Mike Tyson, con pene finto eludeva antidoping

La dipendenza dalla cocaina lo costringeva a trovare soluzioni estreme "un mio assistente faceva la pipì in un pene finto che io nascondevo dentro le mutande"

Mike Tyson, con pene finto eludeva antidoping

Nella sua autobiografia l’ex campione del mondo rivela i retroscena della sua “vita spericolata”.

Mike Tyson non ha certo alle spalle una vita da educanda, ma quanto emerge dalla sua autobiografia ha davvero del romanzesco. In attesa dell’uscita ufficiale della sua ultima autobiografia, ”The Undisputed Truth”, proseguono le anticipazioni dei giornali sui retroscena più scabrosi e licenziosi della vita del campione di pugilato. Tyson è sempre stato un personaggio sopra le righe e mai molto malleabile, ma le accuse di dipendenza da sostanze non hanno mai avuto riscontri nelle analisi eseguite dall’antidoping. Eppure secondo il britannico Mirror l’ultima fase della sua carriera è stata fortemente condizionata dalla dipendenza dalle droghe, soprattutto cocaina e marijuana, a causa della quale è anche risultato positivo e multato di 200mila dollari. Ma quella del 2000 è stata la sua unica positività dal momento che assieme al suo team, a partire dall’incontro del 2000 ad Hampden Park contro Lou Savarese, aveva escogitato un piano infallibile per aggirare i controlli. “La storia di tutte le guerra è una storia di droga. Tutti i grandi generali e combattenti erano drogati in battaglia. E così anche io. Finito il match, un mio assistente faceva la pipì in un pene finto che io nascondevo dentro le mutande.
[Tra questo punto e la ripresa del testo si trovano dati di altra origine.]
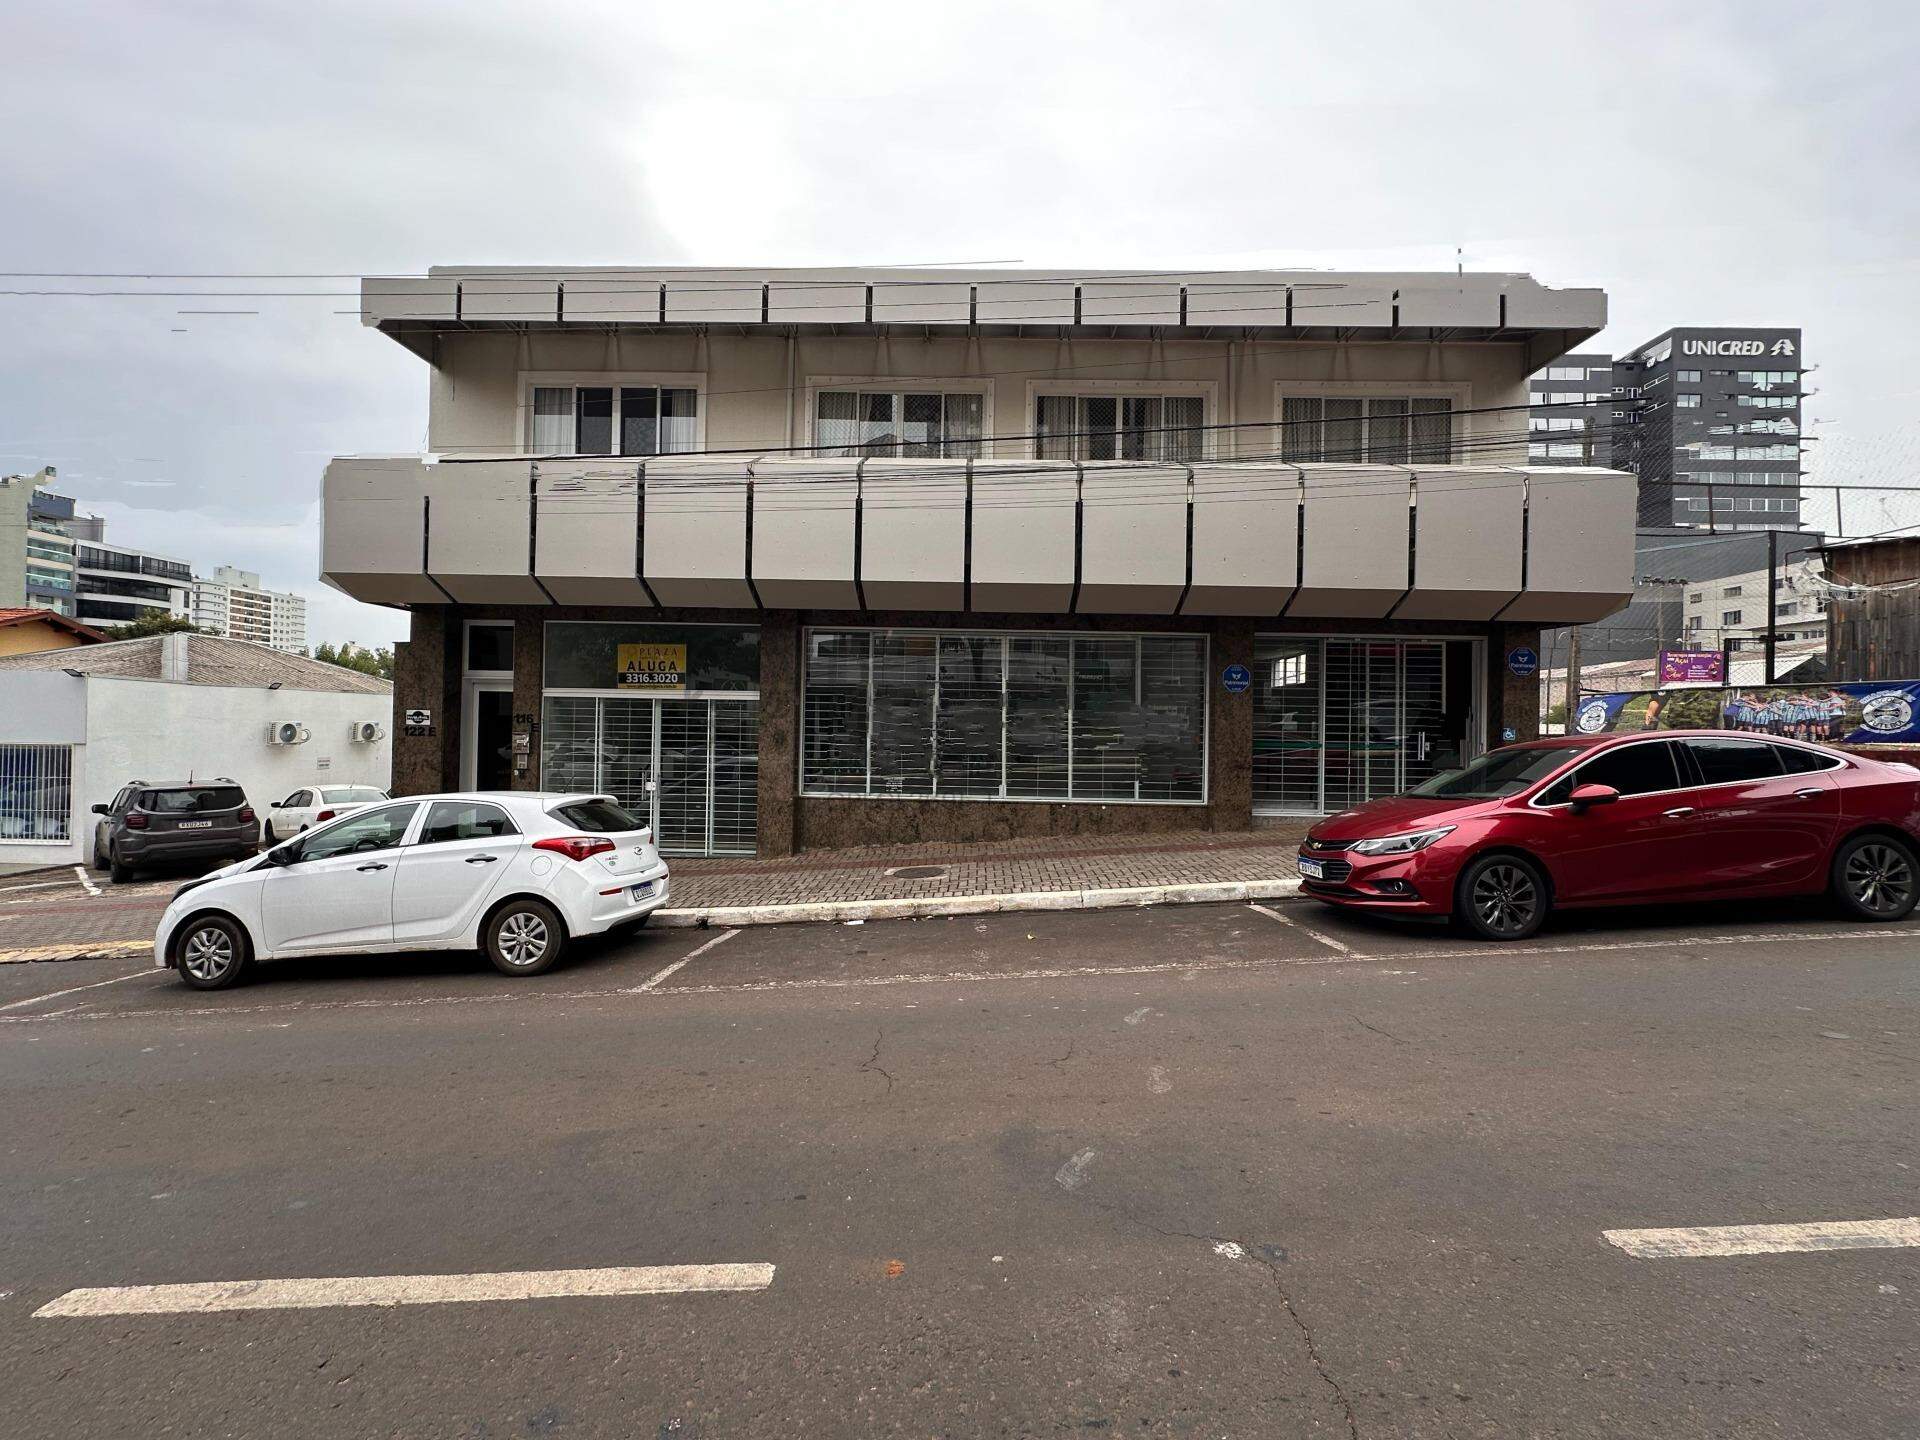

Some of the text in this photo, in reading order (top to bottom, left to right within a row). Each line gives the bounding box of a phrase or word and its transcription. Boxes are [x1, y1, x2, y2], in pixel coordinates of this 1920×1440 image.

[1682, 339, 1765, 356] UNICRED
[639, 647, 678, 657] PLAZA
[627, 661, 678, 672] ALUGA
[626, 673, 679, 683] 3316.3020
[403, 726, 437, 737] 122 E
E con quell’urina riempivo le provette dell’antidoping”.

La  sua ultima autobiografia. “Undisputed Truth” (“Verità all’unanimità”),  confessione senza censure nè reticenze che lo stesso Tyson ha portato in scena nei teatri americani nell’ultimo anno, uscirà la prossima settimana negli Stati Uniti, ma il britannico Daily Mail oggi ne ha anticipato alcuni stralci. Tyson racconta senza peli sulla lingua l’infanzia turbolenta, la salvezza prima trovata nel ring ma persa in seguito alla morte di Cus D’Amico, più di un allenatore, il suo mentore.

Quindi la caduta negli abissi del vizio, la violenza senza più argine, la condanna per lo stupro a Desiree Washington e gli anni in carcere. Una detenzione così promiscua da fargli desiderare, una volta fuori, di “staccare la testa a qualcuno”, magari il suo odiatissimo ex promoter Don King, proprio per poter ritornare in cella. Oggi Tyson si descrive come un uomo alle prese con il colossale sforzo quotidiano di vivere una vita normale, come quella di chiunque altro, ma non nega di avere frequenti nostalgie per i tempi in cui trascorreva le notte nei più licenziosi stripclub accompagnato da spogliarelliste e cocaina.